Activity: Give back exactly the lines from the one containing "Some of the text" through the end of the records, including both, and no others.

Input material:
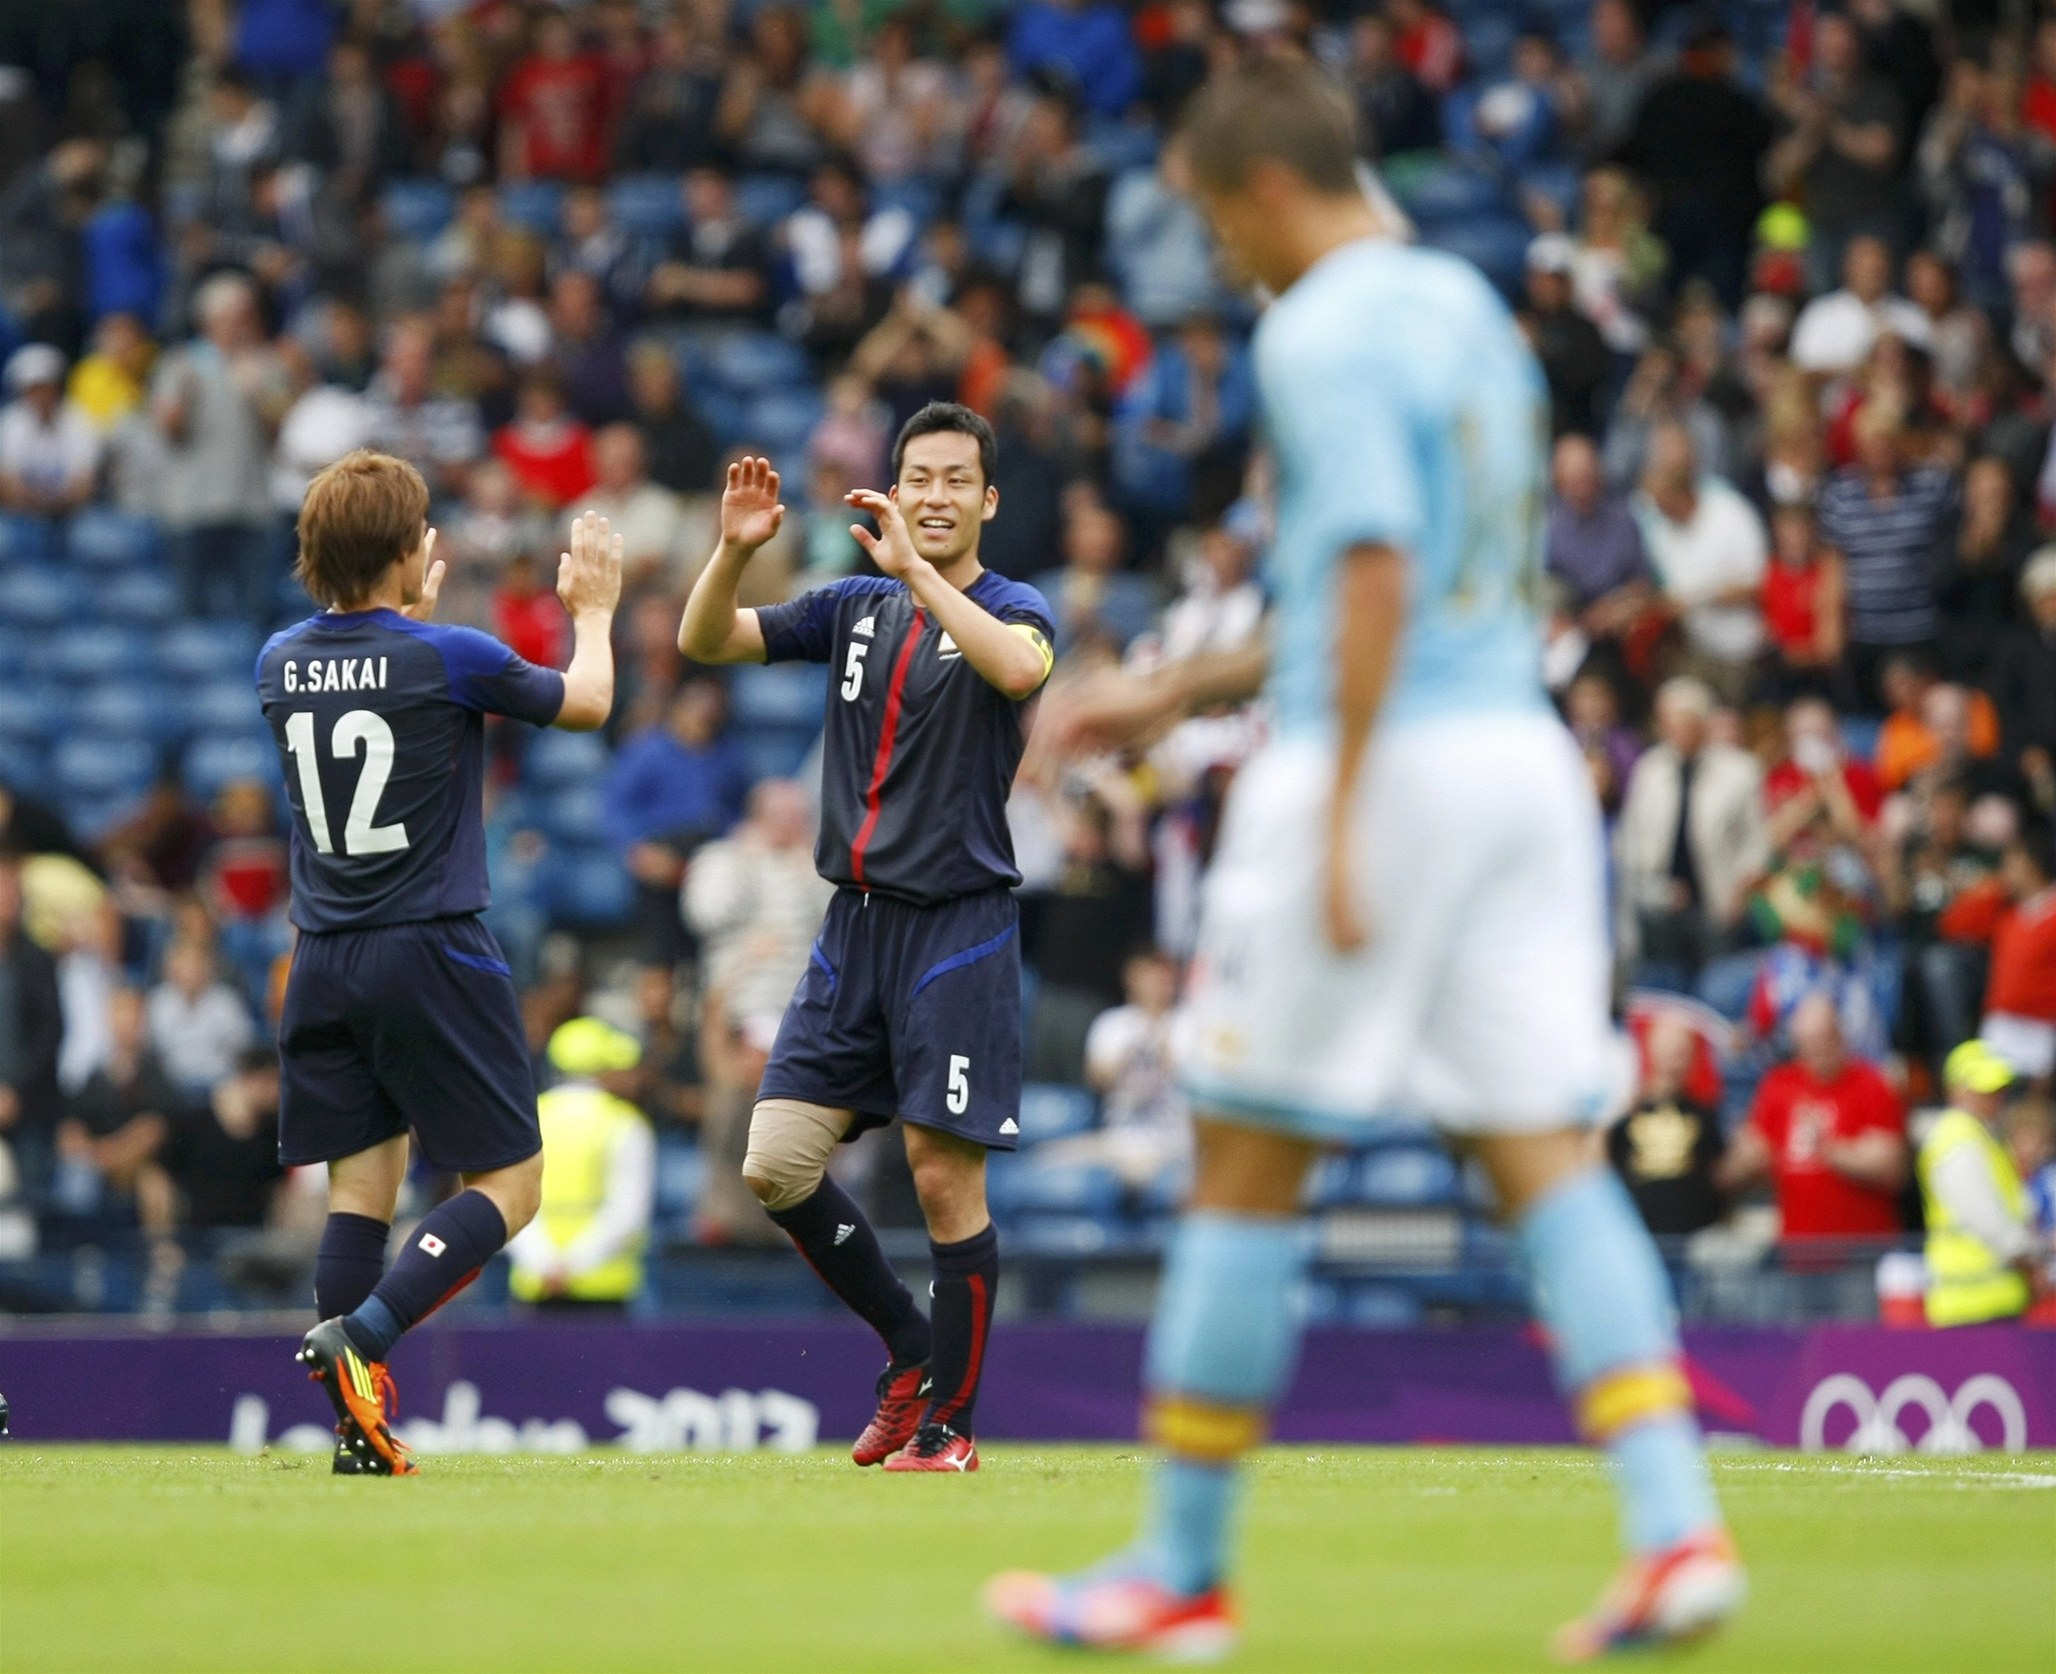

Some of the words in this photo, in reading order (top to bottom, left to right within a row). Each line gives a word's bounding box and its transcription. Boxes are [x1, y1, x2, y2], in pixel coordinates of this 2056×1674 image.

[284, 656, 388, 692] G.SAKAI
[840, 641, 868, 701] 5
[284, 709, 410, 855] 12
[946, 1054, 970, 1115] 5
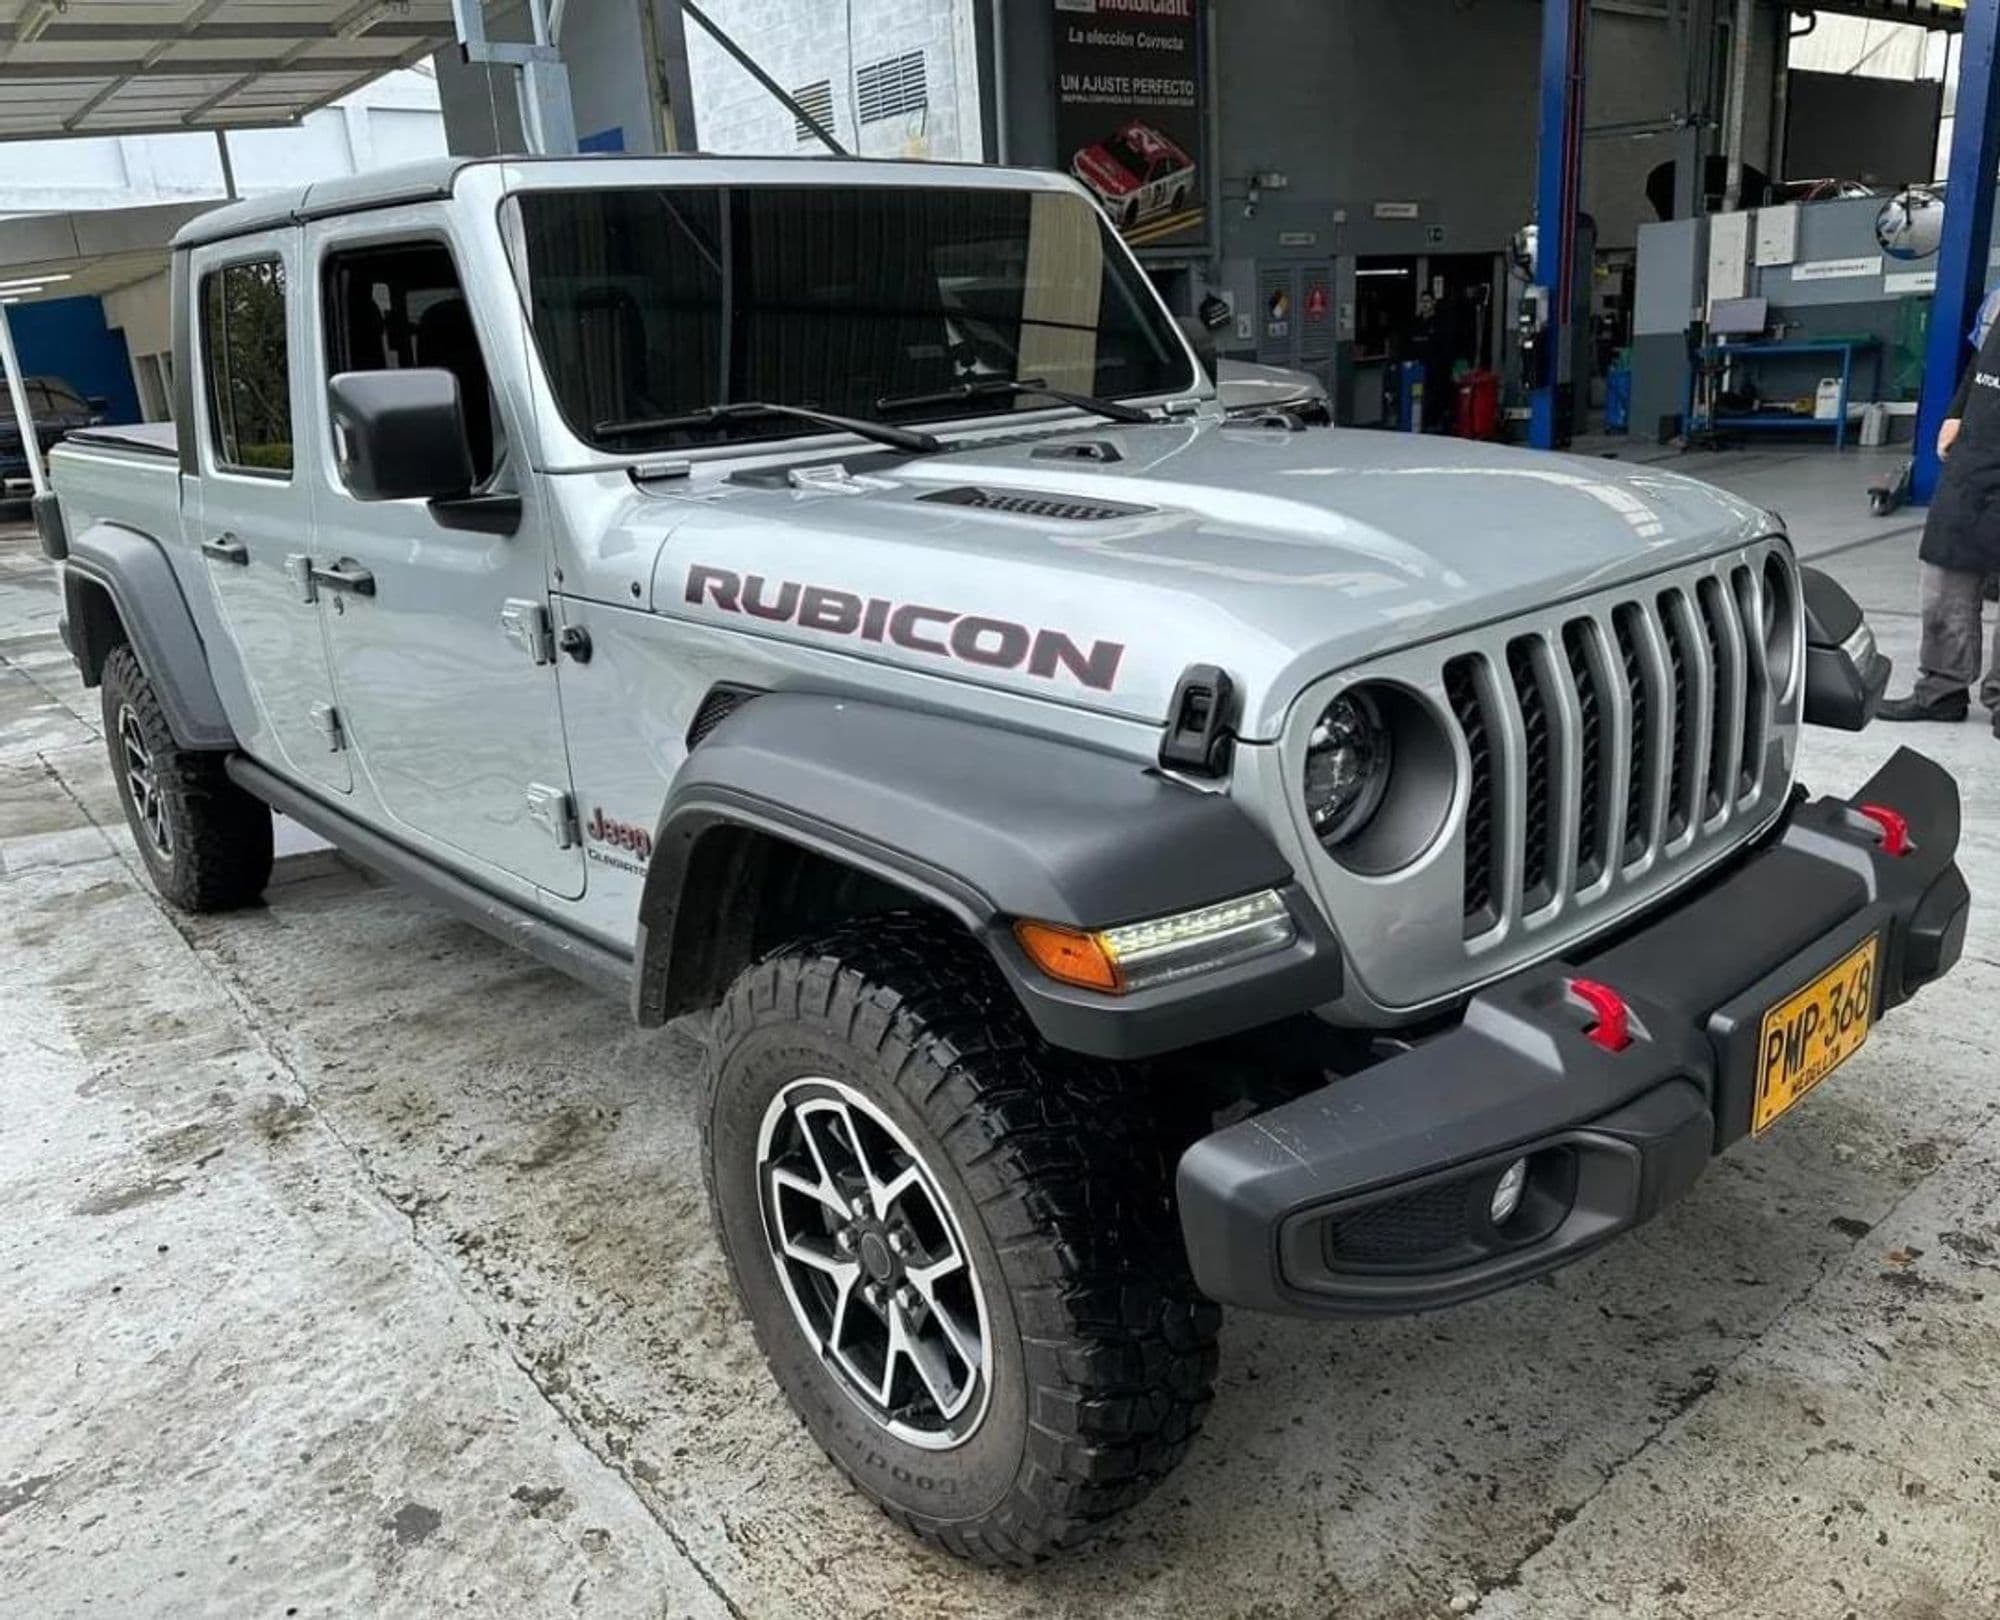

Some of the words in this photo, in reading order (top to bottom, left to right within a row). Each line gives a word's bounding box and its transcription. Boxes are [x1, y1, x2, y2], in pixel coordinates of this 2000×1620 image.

[1068, 26, 1083, 43] La
[1137, 32, 1184, 51] Correcta
[1061, 74, 1079, 91] UN
[1082, 77, 1129, 93] AJUSTE
[1133, 79, 1194, 96] PERFECTO
[685, 564, 1125, 691] RUBICON
[586, 806, 652, 862] Jeep
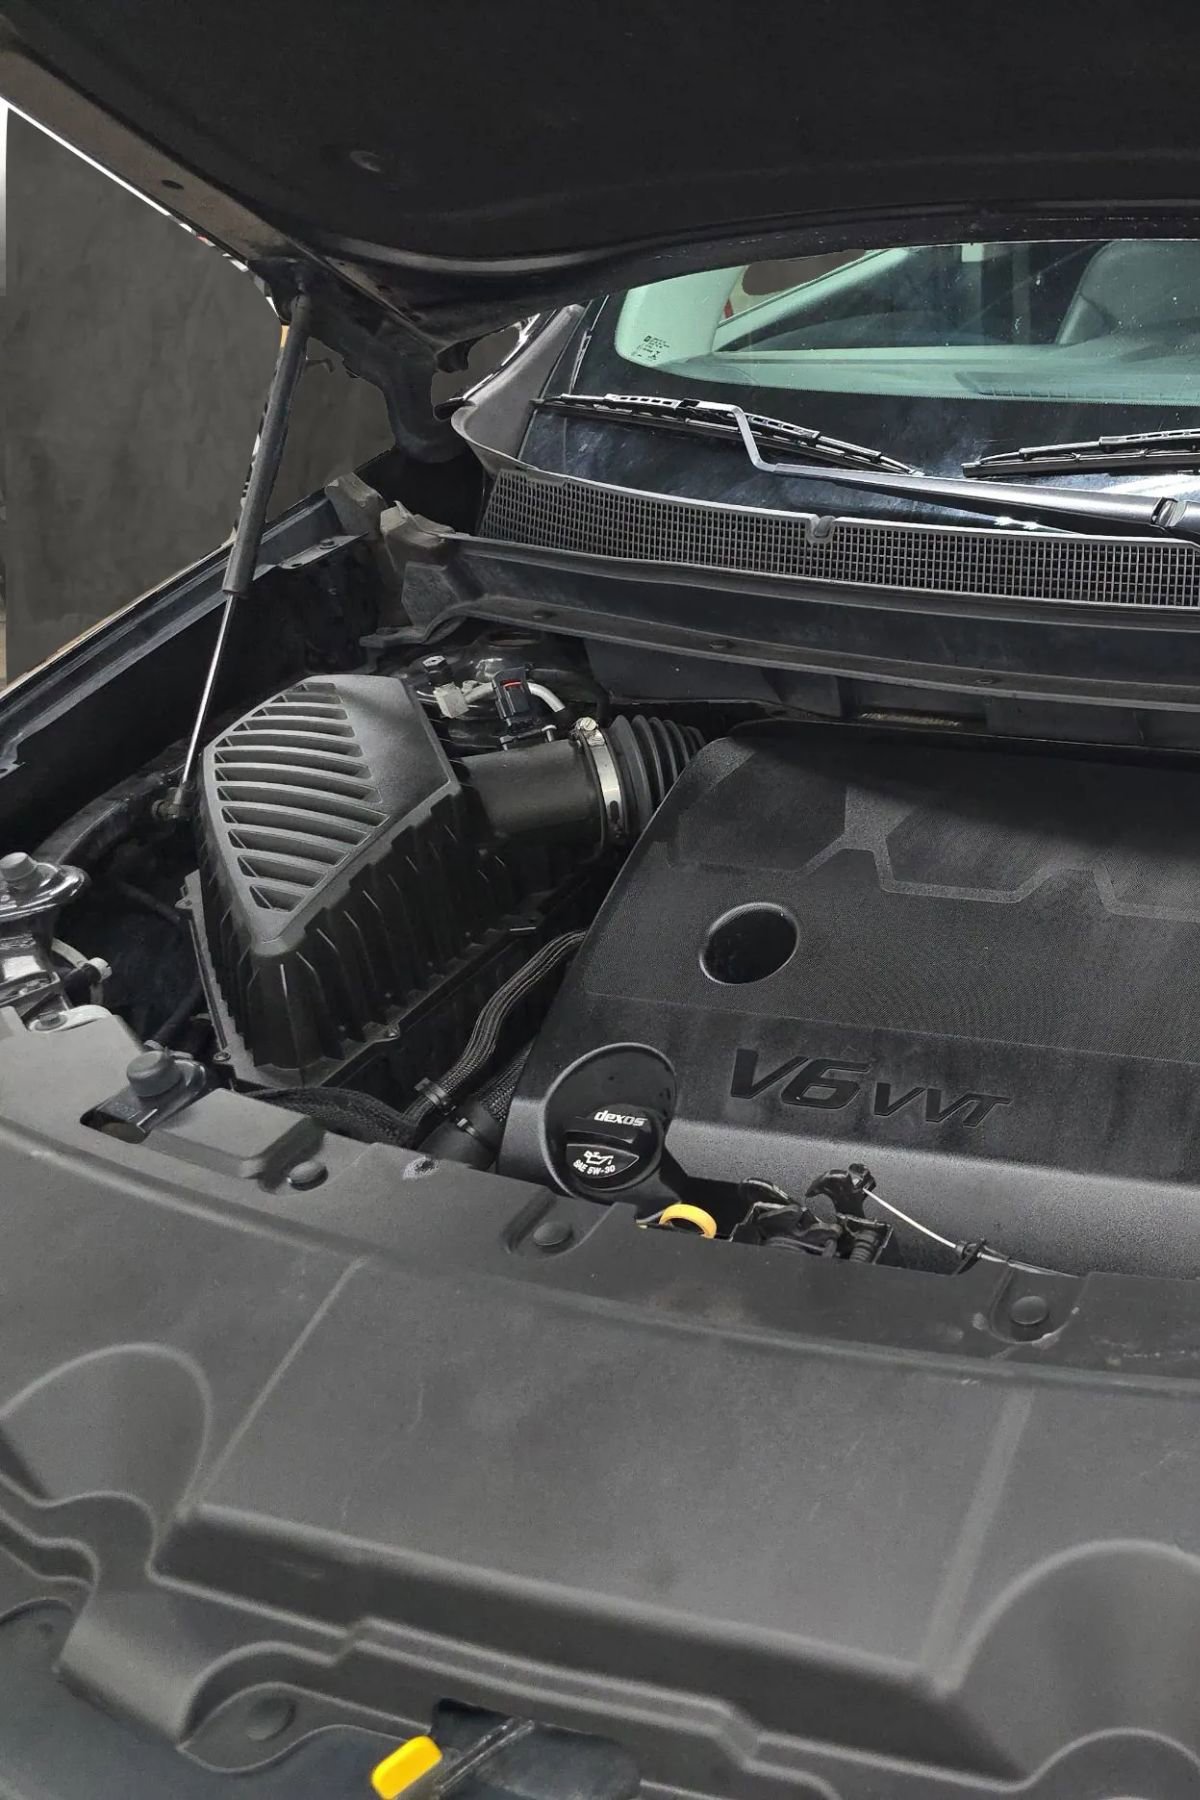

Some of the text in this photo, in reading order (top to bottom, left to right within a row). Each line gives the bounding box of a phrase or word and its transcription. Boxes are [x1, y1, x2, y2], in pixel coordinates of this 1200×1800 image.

[731, 1049, 1012, 1128] V6 VVT
[594, 1110, 648, 1127] dexos
[573, 1159, 616, 1176] SAE 5W-30

Response to this exercise:
Some of the text in this photo, in reading order (top to bottom, left to right within a row). Each line gives the bounding box of a phrase or word and its transcription. Boxes are [x1, y1, x2, y2], in pixel coordinates of this 1200×1800 image.

[731, 1049, 1012, 1128] V6 VVT
[594, 1110, 648, 1127] dexos
[573, 1159, 616, 1176] SAE 5W-30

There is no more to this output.